His team has shown that oligomers several tens of amino acids long, that have not yet formed fibrils, are even more toxic than fibrils. The minimal size for toxicity is around 20-mer.

"Maybe all proteins have a tendency to misfold and aggregate. As they go through these toxic intermediate stages, they are detected by chaperones and ubiquitins that help them fold correctly into non-toxic forms, or mark them for degradation. But as these regulatory mechanisms begin to fail with age, people's proteins become less stable, particularly if people have mutations that make particular proteins unstable."

"As we get older, we tend to accumulate proteins that are damaged in some way, and our regulatory and control systems are running down, so the aberrant proteins are escaping, precipitating from solution and aggregating into amyloid.

"We're now doing things that didn't happen in early human evolutionary history. Everybody is living longer, and half the people over 85 have Alzheimer's disease. Everybody has some fibrils after age 50 or 60, and prion diseases like scrapie in sheep are passed on through urine, blood or the placenta, through the practice of feeding young cows protein from the brain tissues of old cows."
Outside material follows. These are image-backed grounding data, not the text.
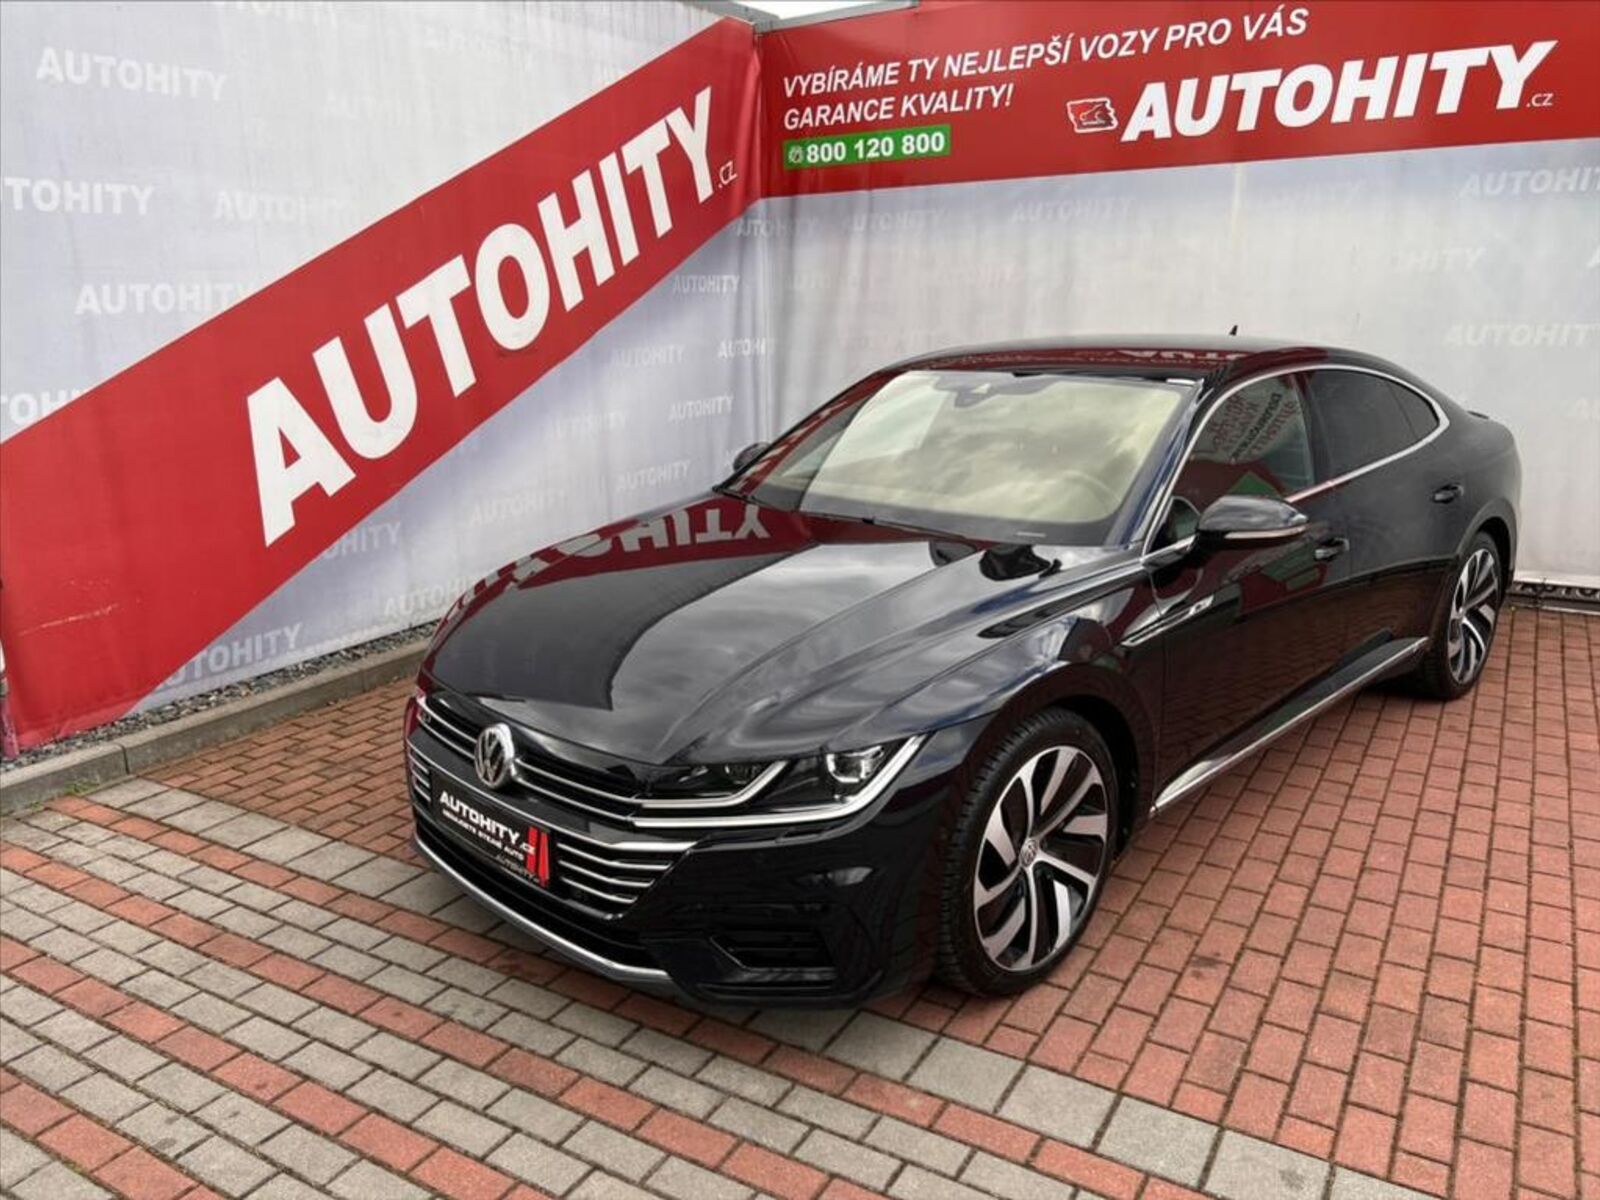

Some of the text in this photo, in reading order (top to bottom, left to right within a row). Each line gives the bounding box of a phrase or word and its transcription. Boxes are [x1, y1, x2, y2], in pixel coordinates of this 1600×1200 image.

[783, 5, 1309, 98] VYBÍRÁME TY NEJLEPŠÍ VOZY PRO VÁS
[37, 46, 228, 101] AUTOHITY
[783, 83, 1015, 131] GARANCE KVALITY!
[806, 131, 945, 164] 800 120 800
[2, 177, 155, 216] TOHITY
[673, 274, 740, 294] AUTOHITY
[668, 395, 734, 422] AUTOHITY
[615, 460, 692, 492] AUTOHITY
Dobson said type 2 diabetes is due to humans eating very different diets to their ancestors, resulting in changes in hormonal and protein levels. Most patients on dialysis awaiting kidney transplants develop protein-associated disease, including amyloid deposits of beta-2 microglobulin in the joints and skeletal tissues.
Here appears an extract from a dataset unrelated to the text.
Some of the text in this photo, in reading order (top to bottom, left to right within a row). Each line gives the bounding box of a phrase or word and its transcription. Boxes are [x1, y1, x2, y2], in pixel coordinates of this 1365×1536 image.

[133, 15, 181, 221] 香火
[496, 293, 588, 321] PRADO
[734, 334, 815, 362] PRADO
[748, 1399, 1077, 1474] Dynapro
"It's just the wrong size to slip through filters, and is concentrated 10-fold in the serum of patients on dialysis.

"If you think about it, evolution has sussed out the problem: it has evolved systems in which amyloid aggregation is bound to happen, but is kept in check during the reproductive years.

"By the time you've paid your college fees, these safety systems become redundant -- natural selection works in a way that determines your proteins can never be more stable than they need to be.
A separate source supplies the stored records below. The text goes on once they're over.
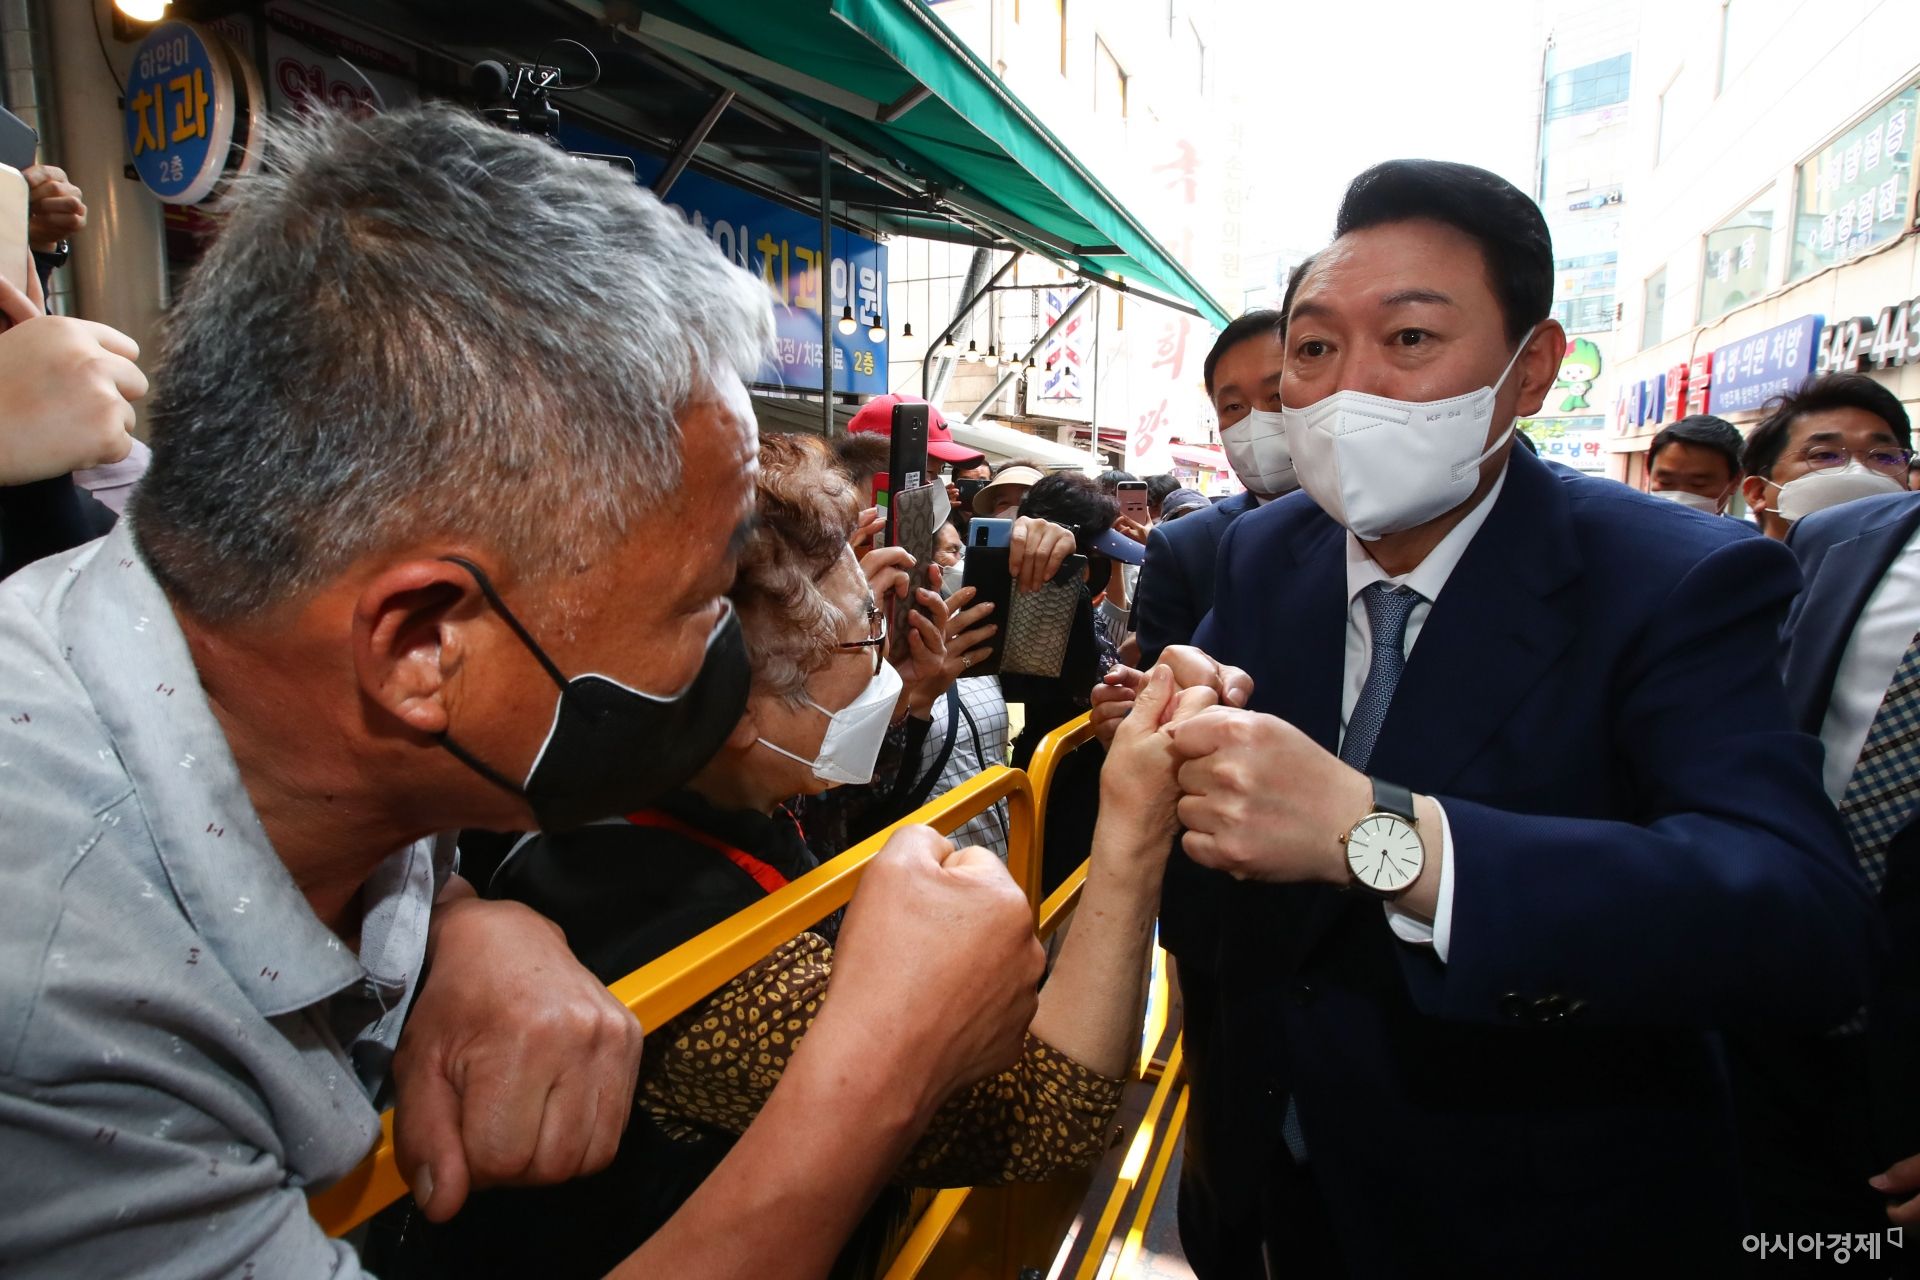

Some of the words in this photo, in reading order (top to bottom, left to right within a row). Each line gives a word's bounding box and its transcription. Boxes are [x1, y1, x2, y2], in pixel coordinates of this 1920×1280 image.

[140, 35, 189, 80] 하얀이
[132, 68, 209, 156] 치과
[159, 155, 184, 183] 2층
[1821, 174, 1899, 250] 건강검진
[854, 351, 874, 376] 2층
[1770, 324, 1803, 369] 처방
[1426, 414, 1441, 422] KF
[1447, 410, 1461, 419] 94
"A typical protein is about 300 amino acids long. Twenty different amino acids can be assembled in 10 different combinations, so the proteins we see are an infinitesimally small fraction of the potential repertoire, and they are very atypical in their behaviour.

"With their core structures and side chains, natural selection has exquisitely designed them to pack together in cells. While the temperature and pH of the cells remains within the normal range, stabilising mechanisms carefully maintain their shape and function, so they can persist for long periods of time before being turned over, minimising the aggregation of damaged proteins.

"But as we get older, these stabilisng mechanisms begin to fail, there is increasing reversion to unstable, toxic forms, and we develop amyloid diseases."